These trifling objections waved aside, the Dowager explained why she was so suddenly leaving London. She asked him if Phoebe had told him of the previous night’s happenings. That brought the grave look back into his face. He said: ‘Yes, she has, ma’am. It’s the very deuce of a business, I know, and I don’t mean to say that it wasn’t wrong of her to have written all that stuff about Salford, but it was just as wrong of him to have given her a trimming in public! I – I call it a dashed ungentlemanly thing to have done, because he must have meant to sink her to the ground! What’s more, I wouldn’t have thought it of him! I thought he was a first-rate sort of a man – a regular Trojan! Oh lord, if only she had told him! I had meant to have visited him, too! I shan’t now, of course, for whatever she did I’m on Phoebe’s side, and so I should tell him!’
‘No, I shouldn’t visit him just yet,’ said Georgiana, regarding him with warm approval. ‘He is a Trojan, but I am afraid he may be in a black rage. He wouldn’t otherwise have behaved so improperly last night, you know. Poor Phoebe! Is she very much afflicted?’
‘Well, she was in the deuce of a way when I came,’ replied Tom. ‘Shaking like a blancmange! She does, you see, when she’s been overset, but she’s better now, though pretty worn down. The thing is, Lady Ingham, she wants me to take her home!’
‘Wants you to take her home?’ exclaimed the Dowager. ‘Impossible! She cannot want that!’
‘Yes, but she does,’ Tom insisted. ‘She will have it she has disgraced you as well as herself. And she says she had rather face Lady Marlow than anyone in London, and at all events she won’t have to endure Austerby for long, because as soon as those publisher-fellows hand over the blunt – I mean, as soon as they pay her! – she and Sibby will live together in a cottage somewhere. She means to write another novel immediately, because she has been offered a great deal of money for it already!’

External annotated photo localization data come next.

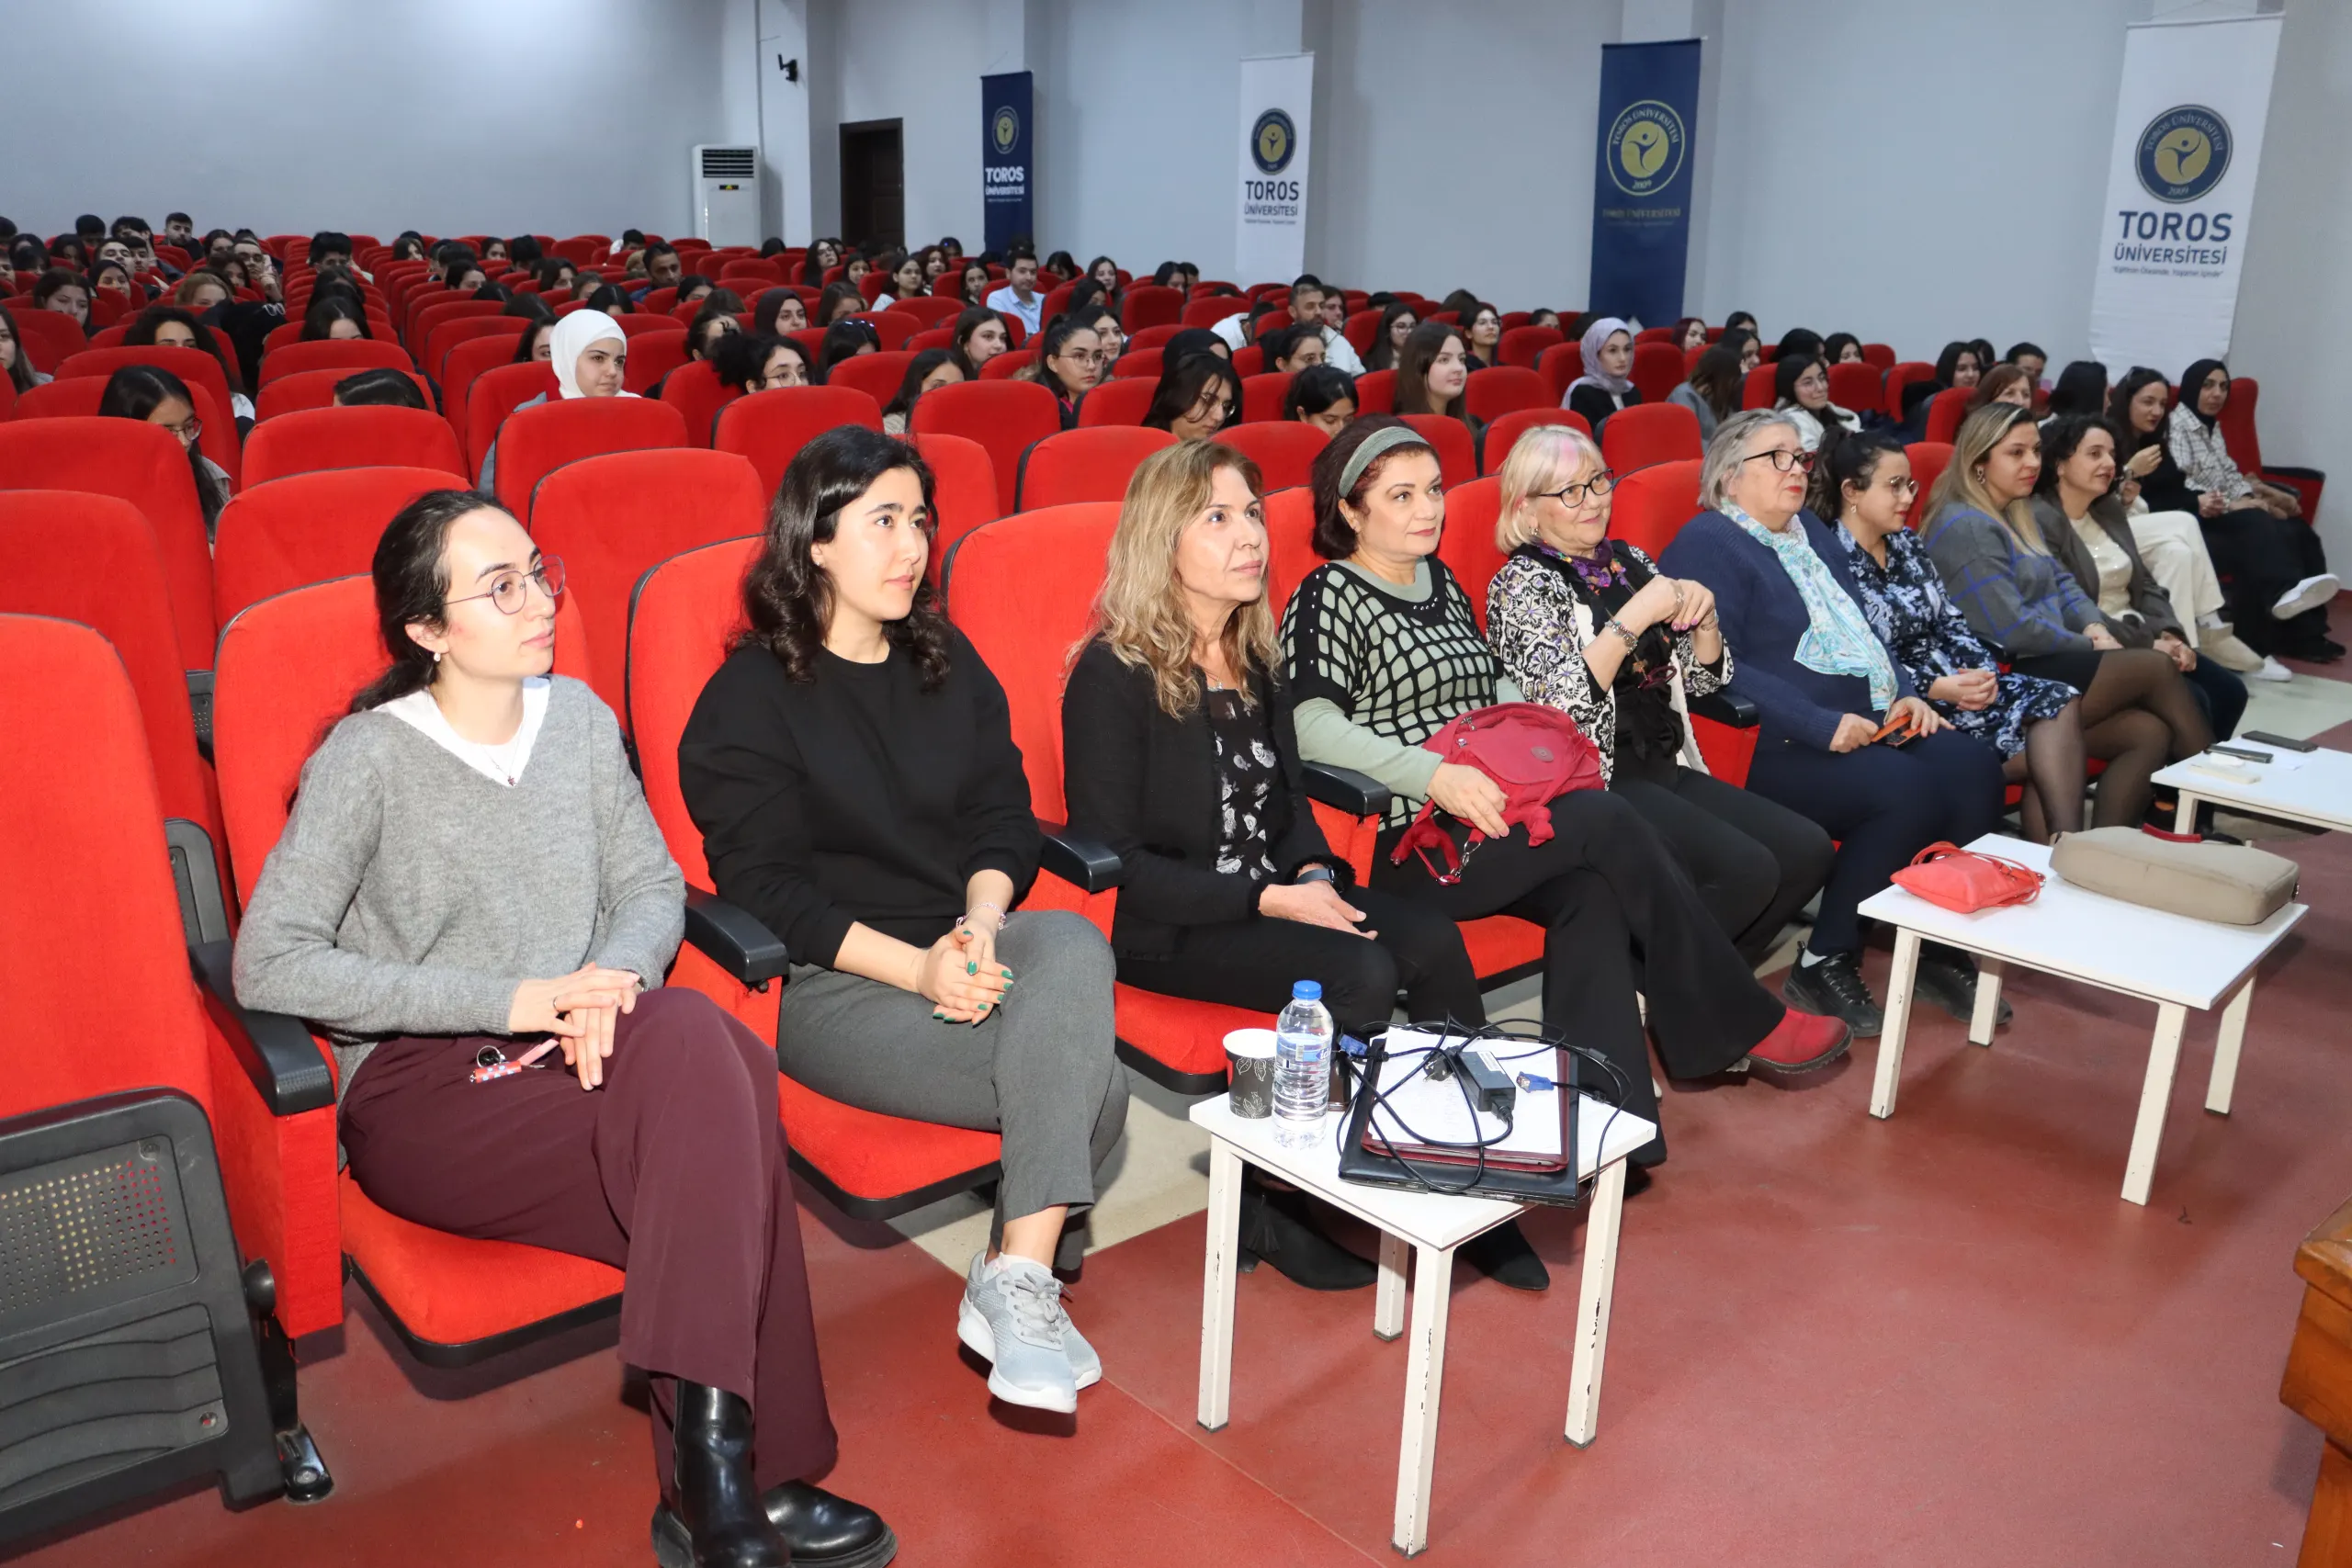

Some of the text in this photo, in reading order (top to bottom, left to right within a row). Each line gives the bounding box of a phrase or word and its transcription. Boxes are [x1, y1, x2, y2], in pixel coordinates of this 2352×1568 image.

[985, 166, 1024, 183] TOROS
[1245, 180, 1299, 201] TOROS
[1244, 201, 1298, 217] ÜNİVERSİTESİ
[2119, 210, 2233, 243] TOROS
[2114, 243, 2227, 265] ÜNİVERSİTESİ
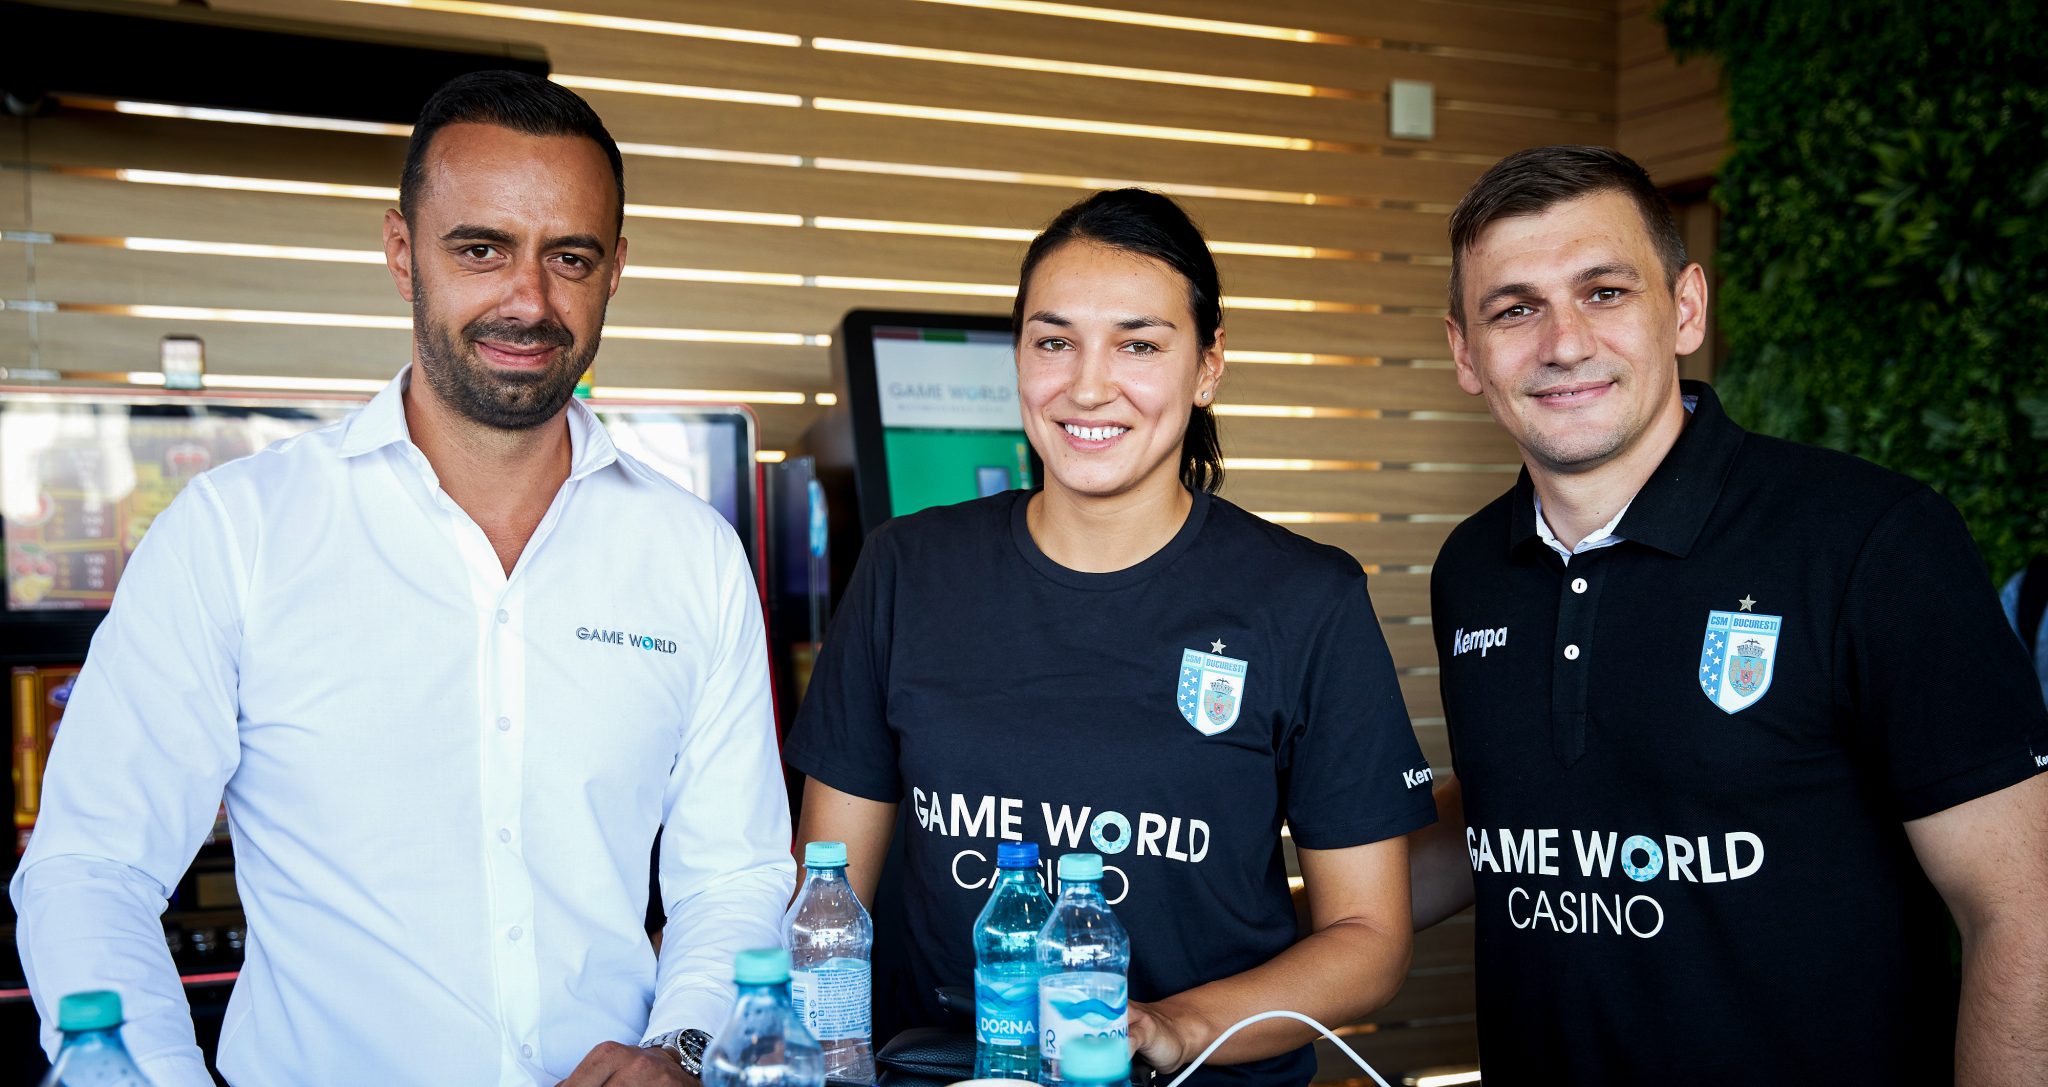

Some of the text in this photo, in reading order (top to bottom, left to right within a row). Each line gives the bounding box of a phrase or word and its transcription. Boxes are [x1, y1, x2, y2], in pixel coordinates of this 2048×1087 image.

[1710, 615, 1729, 626] CSM
[575, 626, 677, 654] GAME WORLD
[1453, 626, 1508, 657] Kempa
[2034, 755, 2048, 767] Ke
[913, 786, 1210, 863] GAME WORLD
[1466, 826, 1765, 884] GAME WORLD
[1508, 886, 1664, 938] CASINO
[981, 1016, 1036, 1034] DORNA
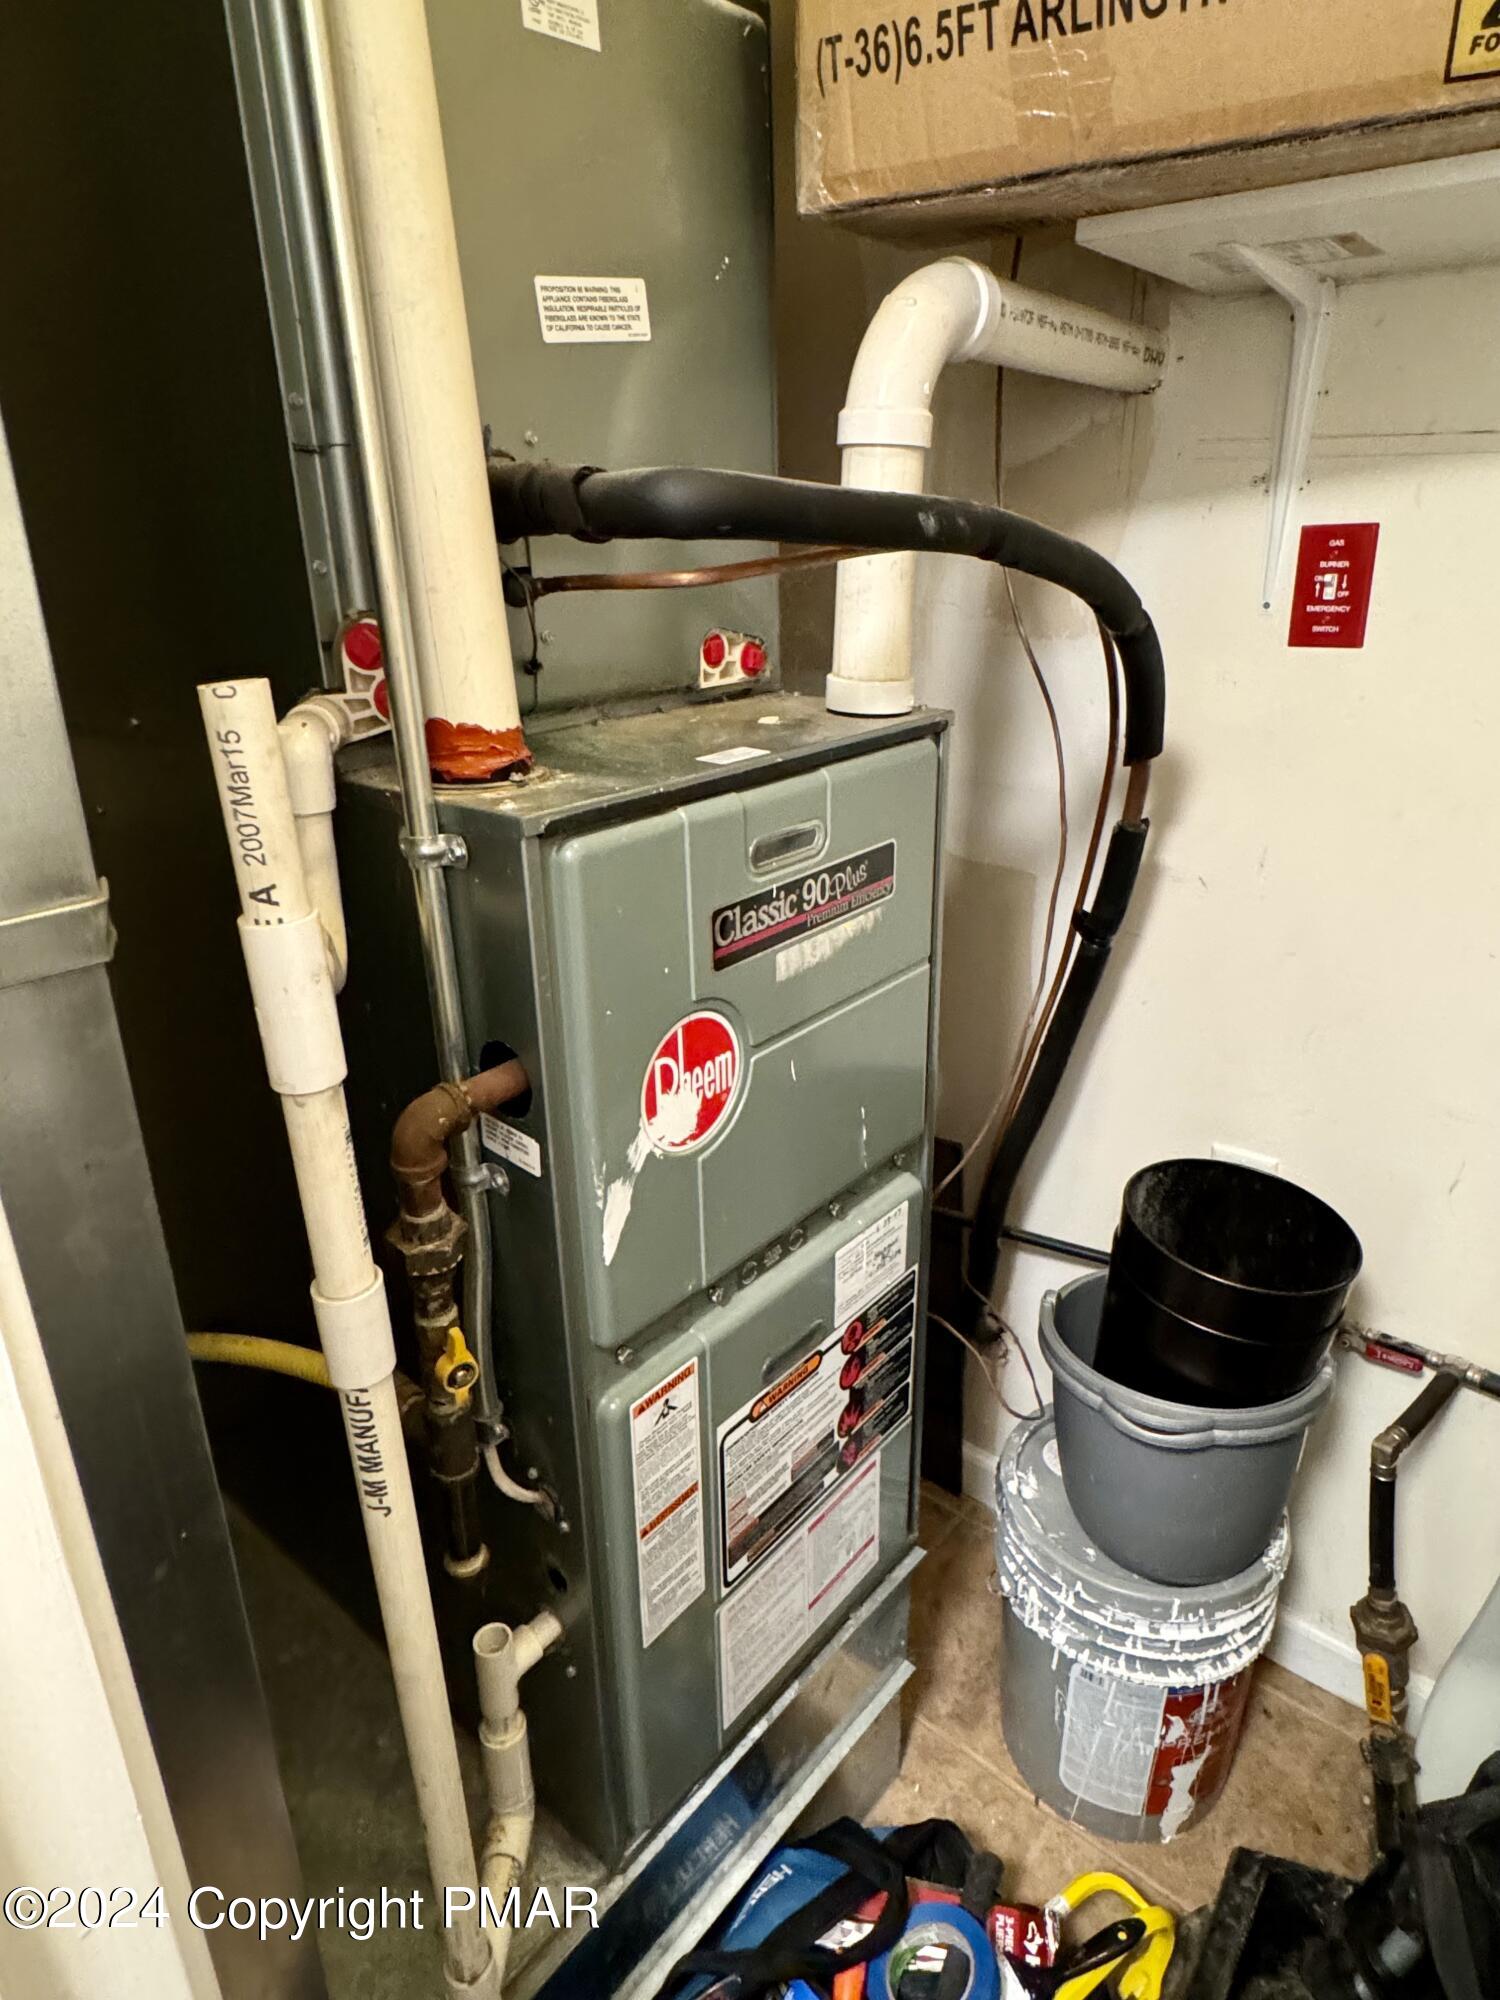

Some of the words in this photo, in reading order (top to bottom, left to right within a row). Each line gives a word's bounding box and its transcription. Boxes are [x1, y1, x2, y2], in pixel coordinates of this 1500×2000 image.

The disclosure of this fell project acted alarmingly on the Dowager. To Tom’s dismay she uttered a moan, and fell back against her cushions with her eyes shut. Resuscitated by smelling-salts waved under her nose, and eau-de-Cologne dabbed on her brow, she regained enough strength to tell Tom to fetch Phoebe to her instantly. Georgiana, catching the doubtful glance he cast at her, picked up her gloves and her reticule, and announced that she would take her leave. ‘I expect she feels she had rather not meet me, doesn’t she? I perfectly understand, but pray give her my love, Mr Orde, and assure her that I am still her friend!’
The task of persuading Phoebe to view with anything less than revulsion the prospect of being transported from the fashionable world of London to that of Paris was no easy one. In vain did the Dowager assure her that if some ill-natured gossip should have written the story of her downfall to a friend in Paris it could be denied; in vain did she promise to present her to King Louis; in vain did she describe in the most glowing terms the charm and gaiety of French society: Phoebe shuddered at every treat held out to her. Tom, besought by the Dowager to try what he could achieve, was even less successful. Adopting a bracing note, he told Phoebe that she must shake off her blue devils, and try to come about again.
‘If only I might go home!’ she said wretchedly.
That, said Tom, was addle-brained, for she would only mope herself to death at Austerby. What she must do was to put the affair out of her head – though he thought she would perhaps write a civil letter of apology to Salford from Paris. After that she could be comfortable, for she would not be obliged to meet him again for months, if Lady Ingham hired a house in Paris, as she had some notion of doing.
But the only effect of this heartening speech was to send Phoebe out of the room in floods of tears.
It was left to the Squire to bring her to a more submissive frame of mind, which he did very simply, by telling her that she owed it to her grandmother, after causing her so much trouble, to cheer up and do as she wished. ‘For it’s my belief,’ said the Squire shrewdly, ‘that she wants to go as much for her own sake as yours. I must say I should like Tom to get a glimpse of foreign parts, too.’
That settled it: Phoebe would go to Paris for Grandmama’s sake, and try very hard to enjoy it. Her subsequent efforts to appear cheerful were heroic, and quite enough (said Tom) to throw the whole party into the dismals.
Between Phoebe’s brave front and Muker’s undisguised gloom the Dowager might well have abandoned the scheme had it not been for the support afforded her by young Mr Orde. Having consented to go with her, Tom resigned himself with a good grace, and threw himself into all the business of departure with so much energy and good-humou
r that he soon began to rival Phoebe in the Dowager’s esteem. With a little assistance from the Squire, before that excellent man returned to Somerset, he grappled with passports, customs, and itineraries; ascertained on which days the mails were made up for France, and on which days the packets sailed; calculated how much money would be needed for the journey; and got by heart such French phrases as he thought would be most useful. A Road Book was his constant companion; and whenever he had occasion to pull out his pocket-book a shower of leaflets accompanied it.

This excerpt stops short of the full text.